Un processo lungo e complesso, non privo di rischi e, spesso, di cocenti delusioni. Gli italiani che emigravano dal Sud fuggivano dalla miseria e dalla disperazione. La mancanza di prospettive riuscì in molti casi ad anestetizzare anche il dolore dello sradicamento. Purtroppo il lavoro nei campi non dava frutti così generosi da poter sostentare i contadini e le loro famiglie.
“L’Italia, infatti, era alle prese con una profonda crisi economica e sociale – ricordano i due autori – e il compimento del sogno risorgimentale non era valso a migliorare la situazione delle classi meno abbienti, specie della gran massa di contadini meridionali, anzi il bilancio del nuovo Stato pativa il peso degli sforzi fatti per raggiungere l’unità nazionale ed ereditava le grandi difficoltà nei conti pubblici degli Stati preunitari. Fu in questo contesto che nacque il sogno americano. Oltreoceano gli italiani cercavano lavoro e fortuna, in un Paese dove tutto era ignoto, ma di cui prendeva a circolare e a diffondersi un autentico mito. Non a caso nel linguaggio comune fare la Merica è diventato un modo per dire arricchirsi e fare fortuna”.
Il saggio racconta tutte le tappe di questo romanzo popolare: dalla scelta sofferta di partire, al viaggio in nave, dall’arrivo negli Stati Uniti al duro contesto sociale, economico e lavorativo che avrebbe atteso gli emigranti, dalle difficoltà nell’integrazione fino alle storie di successo di quelli che ce la fecero.
Ma quale America trovarono gli italiani al di là dell’Atlantico? Gli Stati Uniti di allora, come traspare anche da alcuni brani di lettere drammatiche citate nel libro, non erano certo l’oleografico Bengodi che l’America stessa aveva (e ha sempre) consegnato all’immaginario collettivo, e da cui quei migranti erano stati sedotti prima ancora della partenza dall’Italia. Un po’ come avviene oggi per chi approda in Italia.
“La stragrande maggioranza degli emigranti italiani che arrivarono negli Stati Uniti sbarcarono a New York, mentre un numero inferiore scelse come destinazione Boston, Philadelphia, Baltimora, New Orleans e San Francisco – rammentano Avagliano e Palmieri –. Fino al 1892 a New York il punto di smistamento degli emigranti era Castle Garden. In seguito, sotto la pressione di una nuova imponente ondata di emigranti provenienti da tutta Europa, venne aperta una stazione d’arrivo più funzionale a Ellis Island. Ed è qui che, dopo l’emozione della vista della Statua della Libertà dai ponti delle navi, dopo viaggi lunghi e spesso burrascosi, avveniva il primo impatto con il Nuovo Mondo”.

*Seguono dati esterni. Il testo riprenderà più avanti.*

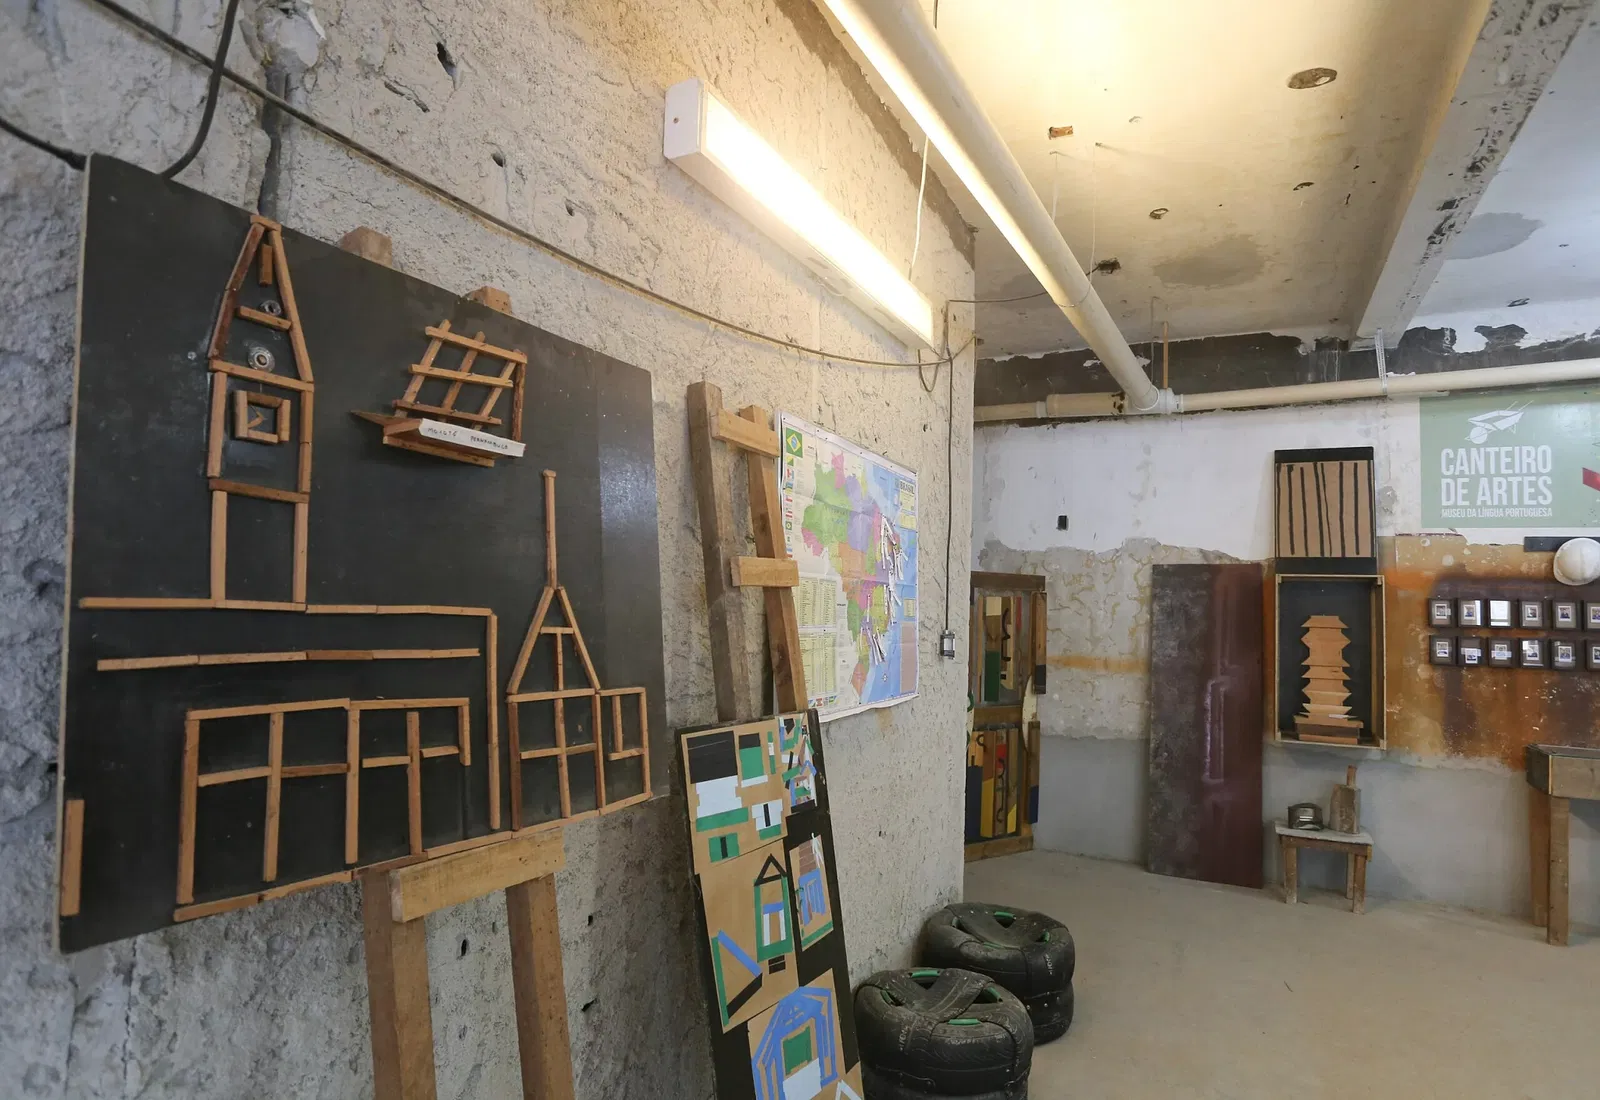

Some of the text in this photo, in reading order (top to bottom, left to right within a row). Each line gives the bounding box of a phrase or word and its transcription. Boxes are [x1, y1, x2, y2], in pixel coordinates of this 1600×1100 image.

[1441, 445, 1552, 476] CANTEIRO
[1441, 476, 1553, 506] DE ARTES
[1441, 506, 1553, 518] MUSEU DA LÍNGUA PORTUGUESA

Gli italiani sbarcavano accompagnati da pregiudizi e razzismo. Ma gli Stati Uniti stavano vivendo una fase di forte crescita industriale e demografica, e avevano bisogno di una grande massa di manodopera da sfruttare.
“Gli italiani andarono a ingrossare le fila dei lavoratori non qualificati, impiegati nelle mansioni più umili e faticose. Erano considerati manodopera di second’ordine, adatta a lavori pick and shovel (piccone e pala) che non richiedevano competenze o capacità tecniche, ed erano esclusi dalle categorie con retribuzioni più alte, nei grandi cantieri stradali e ferroviari, dove rimpiazzavano irlandesi, tedeschi e scozzesi che li avevano preceduti; nelle miniere di ferro, rame e carbone, dove diventarono il gruppo nazionale più consistente; nell’edilizia, nei lavori per la costruzione delle metropolitane nelle grandi città, nella costruzione di fognature, nello scavo di tunnel e nello scarico merci dalle navi, spesso come lavoratori stagionali. Solo successivamente passarono a lavorare nell’industria, come in quella dell’abbigliamento a New York, Chicago e Philadelphia, negli stabilimenti tessili a Patterson e Lawrence, in quelli metalmeccanici del New England e nella lavorazione dei sigari in Florida””. (aise)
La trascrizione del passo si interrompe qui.